Records excerpted from a collection:
+ + + + + + +

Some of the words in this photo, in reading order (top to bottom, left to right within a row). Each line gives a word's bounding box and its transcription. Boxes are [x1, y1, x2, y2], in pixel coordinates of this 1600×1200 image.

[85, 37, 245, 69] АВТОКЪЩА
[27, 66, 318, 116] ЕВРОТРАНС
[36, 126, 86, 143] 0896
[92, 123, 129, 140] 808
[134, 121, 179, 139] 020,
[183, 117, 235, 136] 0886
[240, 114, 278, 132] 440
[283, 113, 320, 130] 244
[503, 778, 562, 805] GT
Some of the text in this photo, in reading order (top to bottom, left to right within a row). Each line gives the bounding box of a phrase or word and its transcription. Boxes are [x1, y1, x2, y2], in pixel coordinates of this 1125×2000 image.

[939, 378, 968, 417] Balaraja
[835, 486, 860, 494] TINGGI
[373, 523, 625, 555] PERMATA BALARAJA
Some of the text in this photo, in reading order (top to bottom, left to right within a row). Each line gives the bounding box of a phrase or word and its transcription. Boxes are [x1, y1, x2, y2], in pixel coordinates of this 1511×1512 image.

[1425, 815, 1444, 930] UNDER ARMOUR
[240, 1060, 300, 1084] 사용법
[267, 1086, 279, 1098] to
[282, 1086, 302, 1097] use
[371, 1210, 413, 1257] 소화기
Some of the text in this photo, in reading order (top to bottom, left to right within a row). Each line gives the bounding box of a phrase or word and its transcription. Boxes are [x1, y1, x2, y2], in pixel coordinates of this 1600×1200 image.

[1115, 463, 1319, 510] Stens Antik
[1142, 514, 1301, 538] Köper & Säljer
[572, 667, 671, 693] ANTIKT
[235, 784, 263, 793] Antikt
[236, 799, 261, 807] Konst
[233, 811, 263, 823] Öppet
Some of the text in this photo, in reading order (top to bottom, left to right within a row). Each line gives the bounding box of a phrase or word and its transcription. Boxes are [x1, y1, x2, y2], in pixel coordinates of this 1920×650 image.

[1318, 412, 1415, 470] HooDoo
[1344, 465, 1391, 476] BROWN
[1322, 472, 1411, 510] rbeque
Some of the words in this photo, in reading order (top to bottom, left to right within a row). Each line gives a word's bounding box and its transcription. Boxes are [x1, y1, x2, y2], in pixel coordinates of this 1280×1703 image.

+ + + + + + +

- **EXERCISE AIM**
Starting at the line that contains "this 1920×650 image.", print every line through the last one of the records, exactly and with nothing else.

- **RESPONSE AREA**
Some of the text in this photo, in reading order (top to bottom, left to right within a row). Each line gives the bounding box of a phrase or word and its transcription. Boxes are [x1, y1, x2, y2], in pixel coordinates of this 1920×650 image.

[1318, 412, 1415, 470] HooDoo
[1344, 465, 1391, 476] BROWN
[1322, 472, 1411, 510] rbeque
Some of the words in this photo, in reading order (top to bottom, left to right within a row). Each line gives a word's bounding box and its transcription. Boxes are [x1, y1, x2, y2], in pixel coordinates of this 1280×1703 image.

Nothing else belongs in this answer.